Sean M. Haffey
Nick Watney hits a drive during the 2020 AT&T Pebble Beach National Pro-Am in February.
By Tod Leonard
Nick Watney didn’t feel sick, and that was the problem.
He’d risen early and played the first round of the PGA Tour’s RBC Heritage on June 18 and was a bit worn out. But he went to bed that night feeling OK, and it wasn’t until he got up on Friday that he sensed something was very wrong. The device he was wearing on his wrist to monitor his breathing showed an alarming spike in the breaths per minute he was taking.
He’d been warned that might indicate he was suffering from COVID-19.
“That is literally the reason why [I got tested],” Watney said, “because I didn’t feel badly in terms of anything.

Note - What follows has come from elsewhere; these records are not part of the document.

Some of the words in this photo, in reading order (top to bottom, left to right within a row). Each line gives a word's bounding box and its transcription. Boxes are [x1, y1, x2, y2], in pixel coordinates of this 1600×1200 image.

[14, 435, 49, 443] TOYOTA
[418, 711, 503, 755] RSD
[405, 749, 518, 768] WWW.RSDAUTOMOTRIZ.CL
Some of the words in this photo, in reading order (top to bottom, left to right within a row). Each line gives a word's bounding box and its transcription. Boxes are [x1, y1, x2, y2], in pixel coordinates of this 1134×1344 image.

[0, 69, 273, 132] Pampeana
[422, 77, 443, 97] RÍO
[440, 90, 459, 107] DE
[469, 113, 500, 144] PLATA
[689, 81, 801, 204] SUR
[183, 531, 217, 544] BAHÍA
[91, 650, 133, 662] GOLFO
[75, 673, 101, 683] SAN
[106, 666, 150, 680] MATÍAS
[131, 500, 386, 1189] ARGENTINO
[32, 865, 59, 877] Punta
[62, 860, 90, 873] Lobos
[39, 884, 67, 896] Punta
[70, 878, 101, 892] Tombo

I didn’t feel very rundown. I didn’t feel hot. I didn’t have a cough. I didn’t have shortness of breath, none of that.”
Watney spoke for the first time publicly about his illness on a podcast hosted by WHOOP, the company that makes the health-monitoring devices that the PGA Tour is now widely using to potentially help in the diagnosis of other players with COVID-19. After notifying the tour and being tested on the morning of June 19, the 39-year-old Watney withdrew from the tournament at Harbour Town in Hilton Head, S.C. He said on the podcast that he now feels “fine.”
“Apparently, I got a pretty mild strain, or the effects have been mild, so that’s good, I guess,” Watney said.

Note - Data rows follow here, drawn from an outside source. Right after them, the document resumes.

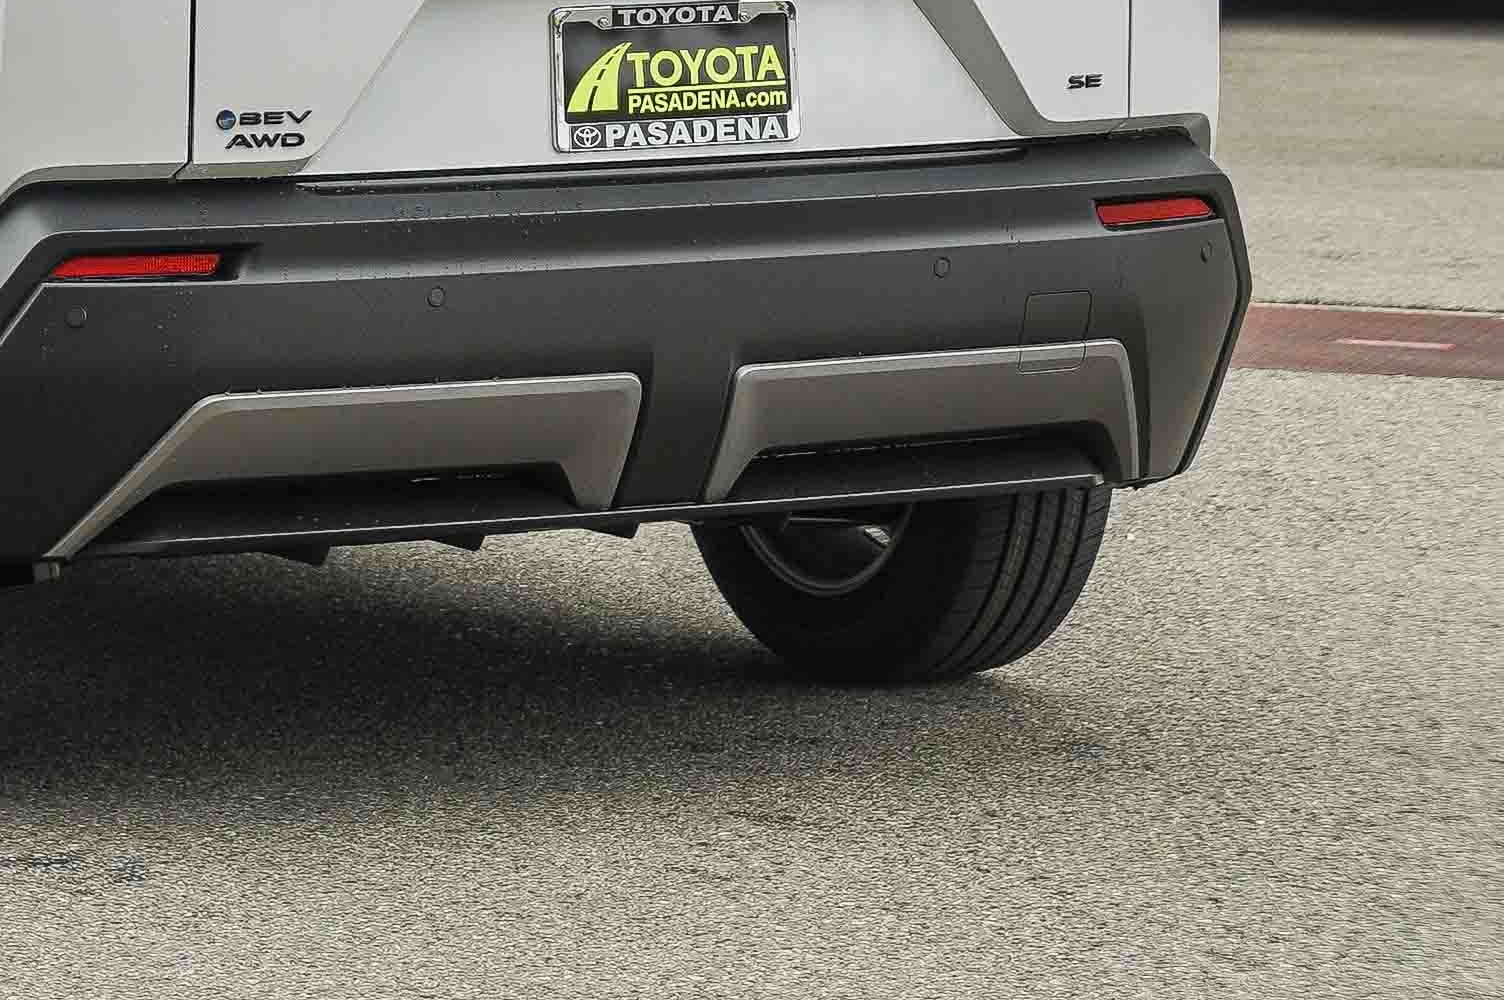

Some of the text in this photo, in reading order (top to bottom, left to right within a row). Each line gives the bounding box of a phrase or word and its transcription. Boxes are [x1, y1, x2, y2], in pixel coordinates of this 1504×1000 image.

[618, 4, 734, 26] TOYOTA
[626, 44, 786, 88] TOYOTA
[1066, 73, 1104, 89] SE
[628, 90, 787, 114] PASADENA.com
[239, 110, 313, 126] BEV
[225, 132, 306, 149] AWD
[605, 115, 786, 147] PASADENA
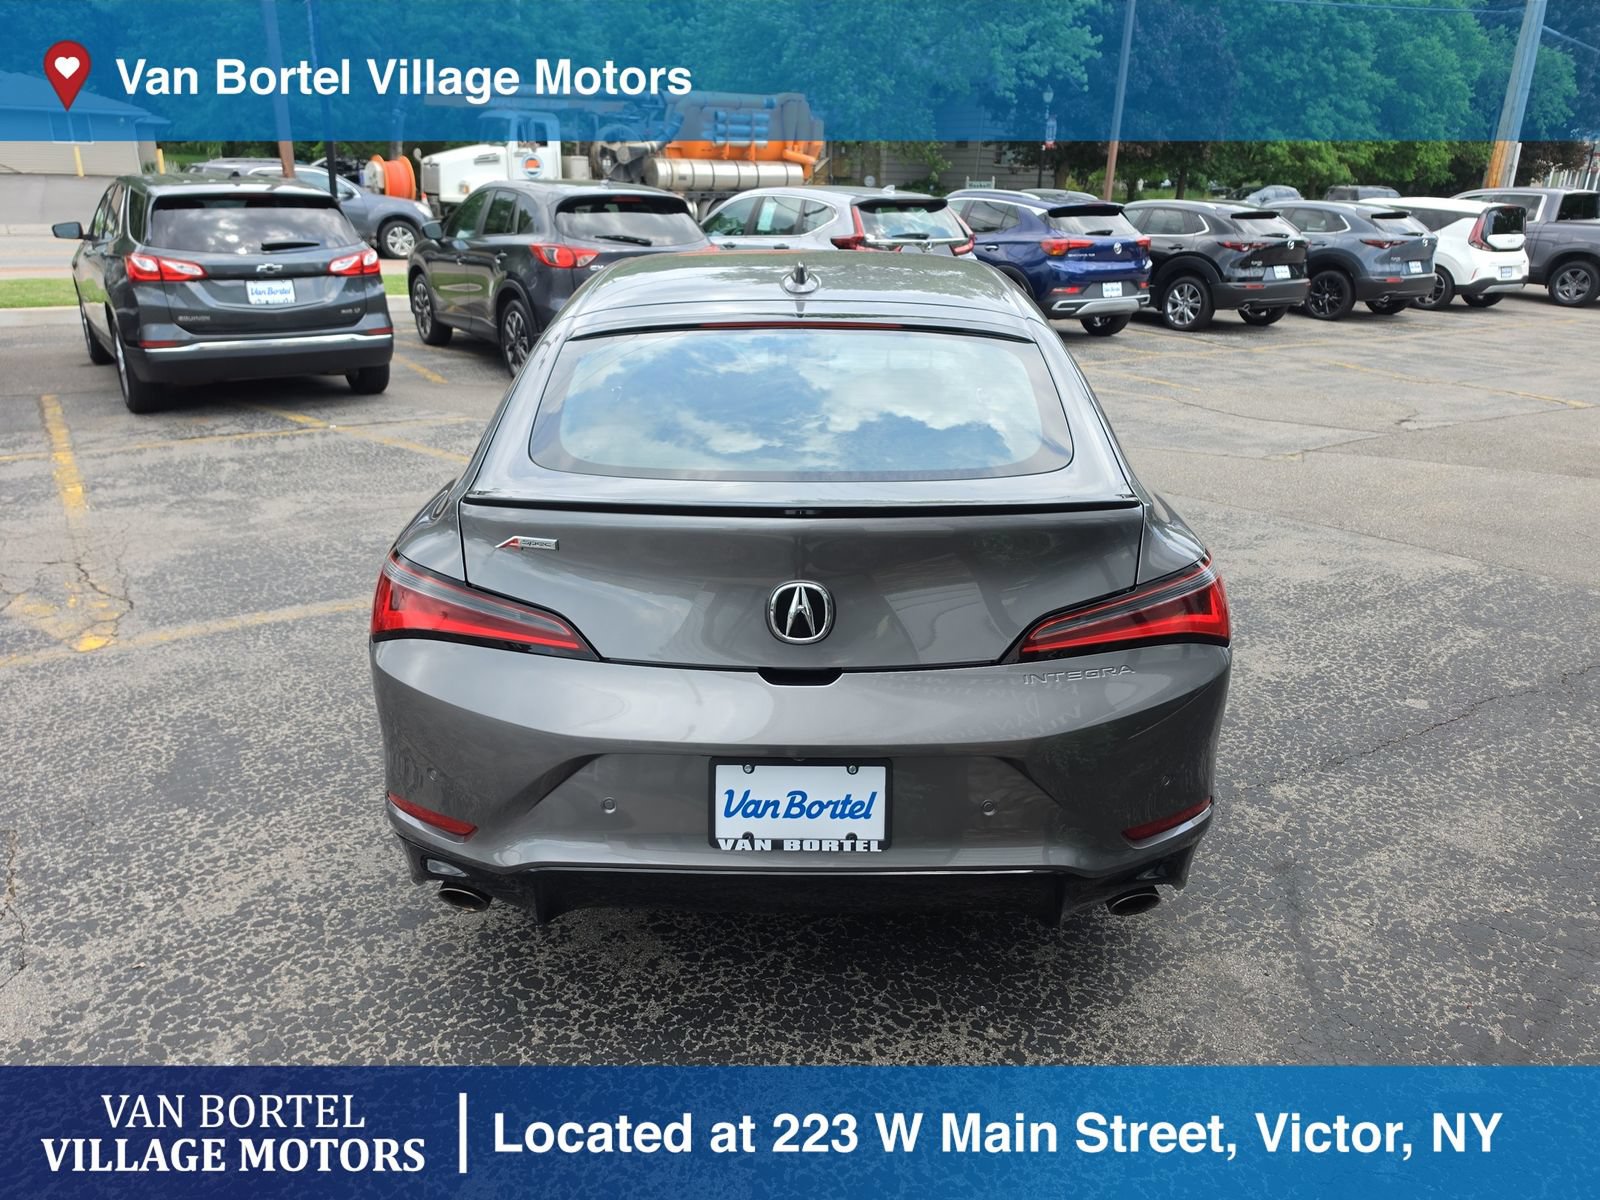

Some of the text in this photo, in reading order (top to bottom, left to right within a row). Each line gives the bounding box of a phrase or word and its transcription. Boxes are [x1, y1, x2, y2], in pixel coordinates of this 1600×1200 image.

Nevertheless, the WHOOP device did detect a significant change in Watney’s breathing on the night after the RBC Heritage’s first round. Watney and the company shared a screenshot [below] of his breaths per minute. While Watney is usually at 14 breaths, his rate rocketed to more than 18 overnight.
“I took a screenshot of the [WHOOP] data,” Watney recalled, “and sent it to my wife and said, ‘This is very alarming,’ just because I had read [an email from WHOOP] when WHOOP had analyzed data from users that had come down with COVID. It was something that jumped out.”
Watney contacted PGA Tour officials, was tested for COVID-19, and because he was not symptomatic other than the WHOOP monitoring, he was allowed by the tour to go to the practice range at Harbour Town.
“I went to the golf course,” Watney said, “social-distanced while warming up, and got a call about 20 minutes before [my round] that said, ‘Your test came back positive. You need to go. You need to leave as soon as you can.’ I said to the doctor, ‘Is this real? I know I saw the data, but …’ He said, ‘This is real. You need to go.’ ”
In the aftermath of Watney being present at the golf course while he waited for his ultimately positive test, the PGA Tour changed its policy as of Saturday at the Travelers Championship. No one who is being tested will be allowed to be at the course until the test results are final.
Watney said he hopes his experience will be helpful to others.
“My wife and I have been talking about this: Is there a silver lining to this?” Watney said. “Can something good come out of this? It was a bit scary, but if people can learn more and this helps anybody else, that can be a good thing, obviously.”
On June 22, WHOOP released findings of a study in collaboration with CQUniversity in Australia that its device’s algorithm has been shown to detect 20 percent of COVID-19 illnesses in the two days prior to the onset of symptoms. The study is awaiting peer review. WHOOP says the PGA Tour has purchased more than 1,000 of its devices and the company began working with larger groups of players at this week’s Travelers Championship.